AAS thinks that trying to sell more dogs is an honest attempt by the SPCA to kill fewer dogs (even though in typical thick-as-a-plank SPCA style, the ads appeal to selfish human values and are appallingly insensitive to animals). See a description of the ads: http://www.animaladvocates.com/cgi-bin/newsroom.pl/read/3259
We've always believed that it is far cheaper for the SPCA to kill animals than to house and display them for long periods of time, so the ads are a departure from that policy (we hope). The cheapness of disposal is why the SPCA killed so many hundreds of thousands of animals, and hired the hated career-killer employees who are at last becoming the liability that they should have always been to an SPCA that actually was the animal welfare organization that it promoted itself as.
But as usual, these ads show that the SPCA has chosen style over substance, just as it did when it proclaimed its phoney "moratorium" on killing for space in March 2002, when it had no more space than it ever did and it did nothing to slow the flow of incoming dumped pets.
Of course the SPCA kills for space.

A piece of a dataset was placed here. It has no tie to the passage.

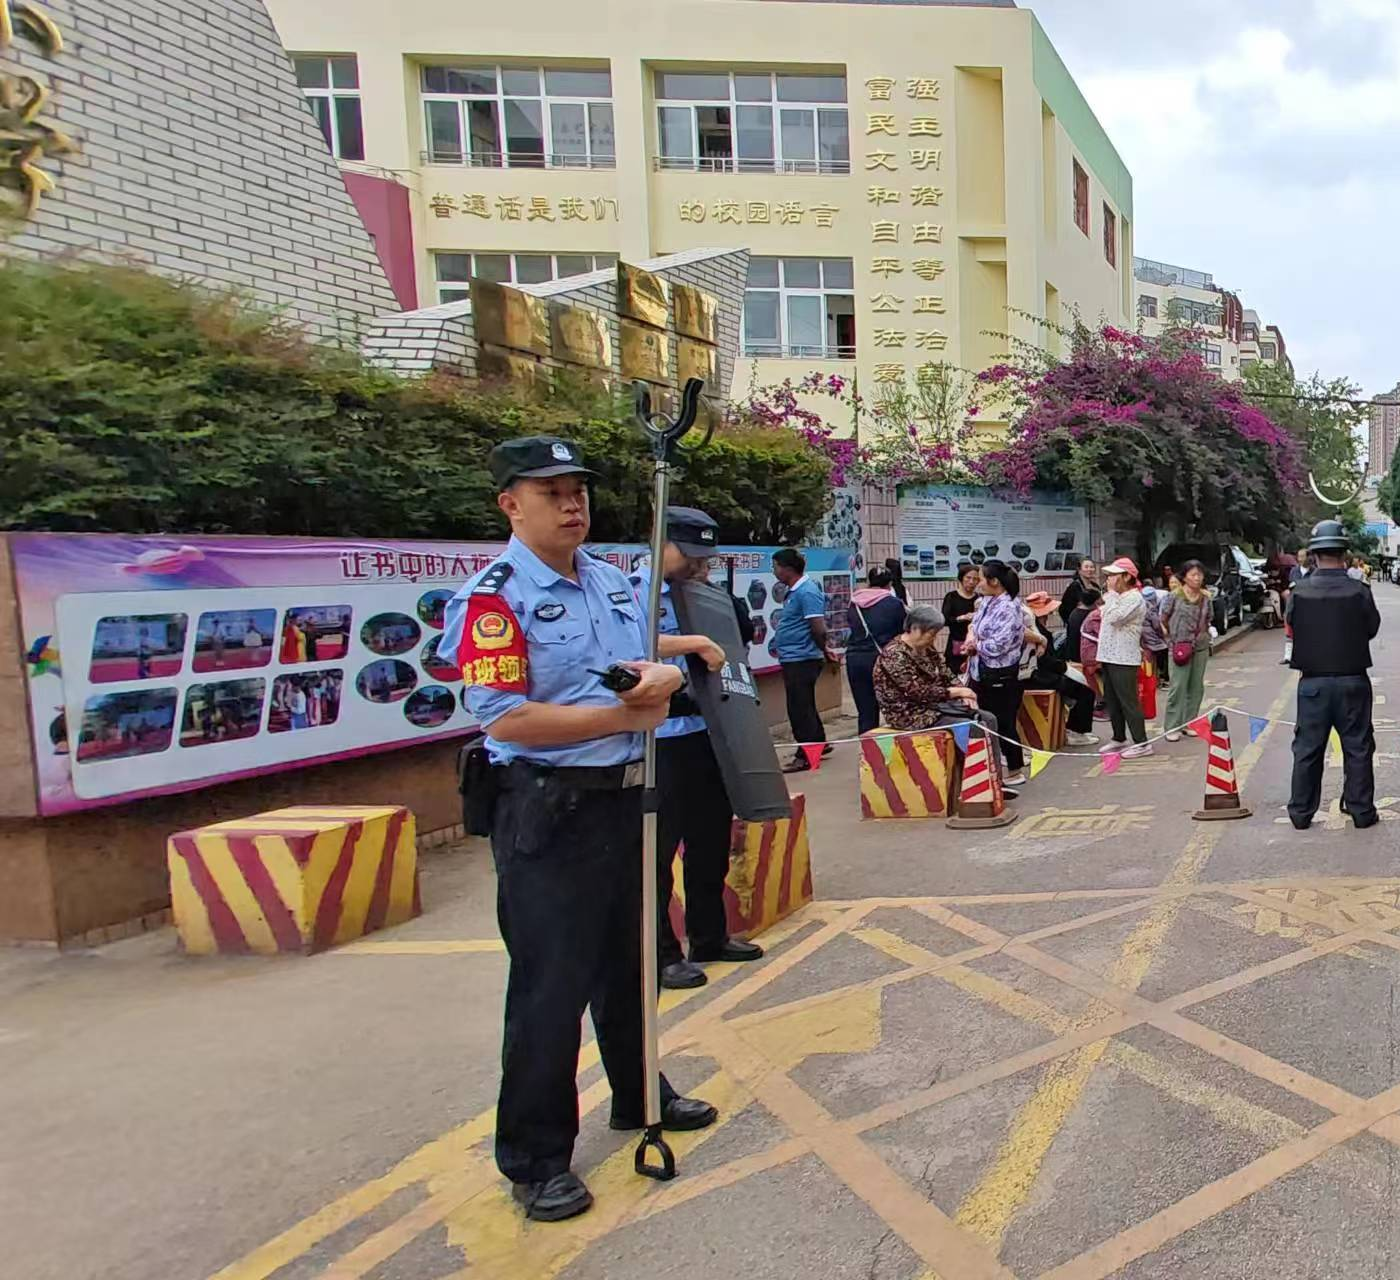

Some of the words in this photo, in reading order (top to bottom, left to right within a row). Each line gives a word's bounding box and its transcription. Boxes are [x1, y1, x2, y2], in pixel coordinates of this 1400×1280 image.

All its many public protestations that it doesn't are still lies. We have the proof, lots of it.
And it's not going to be able to stop killing for space until it stops its dirty intake policy. All the encouragement to get a dog from an SPCA is not the solution. Markets become saturated. More foster homes are not the solution. Bigger shelters are not the solution. It is the source of its supply that must be reduced. That means unlimited spay/neuter programs and limited surrender.
The SPCA's days of getting away with double speaking for the animals are numbered.